Speaking of elephants in boardrooms and websites of those who evaluate them, I do this safe in the knowledge that even the UK government has resorted to naming and shaming (on all-male boards, on minimum wage etc) to get change.
I was appalled to find the following on the website of a business that not only successfully does boardroom evaluations/effectiveness reviews - but was also being marketed on Twitter on Friday by the Institute of Directors.
Free #socialmedia advice : don't RT on Twitter if you haven't opened the link you are retweeting and don't promote without due diligence for credibility. I would have thought that was PR 101 in 2018.
The (digitally insecure) website of this business says (verbatim including spelling please note):
"Culture first: A Board sets the right culture which should be aligned to the right strategic goals designed to deliver a sustainable business while interacting appropriately with all stakeholders.

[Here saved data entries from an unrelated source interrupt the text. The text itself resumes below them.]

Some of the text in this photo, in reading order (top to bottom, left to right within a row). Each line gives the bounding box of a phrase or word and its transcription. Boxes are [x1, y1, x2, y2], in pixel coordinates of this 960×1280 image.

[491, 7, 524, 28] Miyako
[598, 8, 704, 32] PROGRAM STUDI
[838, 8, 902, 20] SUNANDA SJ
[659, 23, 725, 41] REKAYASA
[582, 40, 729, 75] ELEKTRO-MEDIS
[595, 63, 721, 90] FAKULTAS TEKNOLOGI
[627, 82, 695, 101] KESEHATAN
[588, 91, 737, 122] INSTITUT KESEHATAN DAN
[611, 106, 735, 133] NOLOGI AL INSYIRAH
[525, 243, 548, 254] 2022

In reality: A Board Evalaution (sic) is a cathartic experience that allows the whole Board to talk freely and safely with Sharon, who objectively creates the picture and practical ideas to address gaps and addresses this with the Chairman and the Board. There are always nuggets to be gained with short term and longer term benefits evident. The evaluation outcomes and work with the Company Secretary support the embedding of effectiveness changes that make real differences to overall board behaviour and organisational culture.

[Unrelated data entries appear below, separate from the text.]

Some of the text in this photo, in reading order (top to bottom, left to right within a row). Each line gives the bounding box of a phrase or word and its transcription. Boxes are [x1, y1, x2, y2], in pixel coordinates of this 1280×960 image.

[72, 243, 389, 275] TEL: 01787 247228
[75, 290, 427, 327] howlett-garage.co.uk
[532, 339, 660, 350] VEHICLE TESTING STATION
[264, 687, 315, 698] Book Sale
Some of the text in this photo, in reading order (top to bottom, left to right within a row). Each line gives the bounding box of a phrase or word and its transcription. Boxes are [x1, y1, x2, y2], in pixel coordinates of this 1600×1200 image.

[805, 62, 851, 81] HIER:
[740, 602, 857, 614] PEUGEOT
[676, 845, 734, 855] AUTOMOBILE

Recent Observations: Recent work with a number of large company Boards has evidenced that however there is usually a high presence of IQ in the Boardroom; the balance of EQ is not always as prevalent as is needed for effective outcomes.
And, at the end (copied and pasted)
Sharon Constancon is a finalist for Dr Neville Bain Memorial Award for the Chartered Director that has delivered outstanding achievements in the field of corporate goverannce and organisational direction.
At the very least, and in the wake of Brexit, I think we need those who can sell themselves to FTSE 350 boardrooms - and to the IOD for promotion - to be able to spell. In English, not an EU language.
The FRC said it was expecting a "bumper bag" on responses to its consultation on the corporate governance code. If you feel strongly, make sure you get it in before end of play on Wednesday and thank you for reading.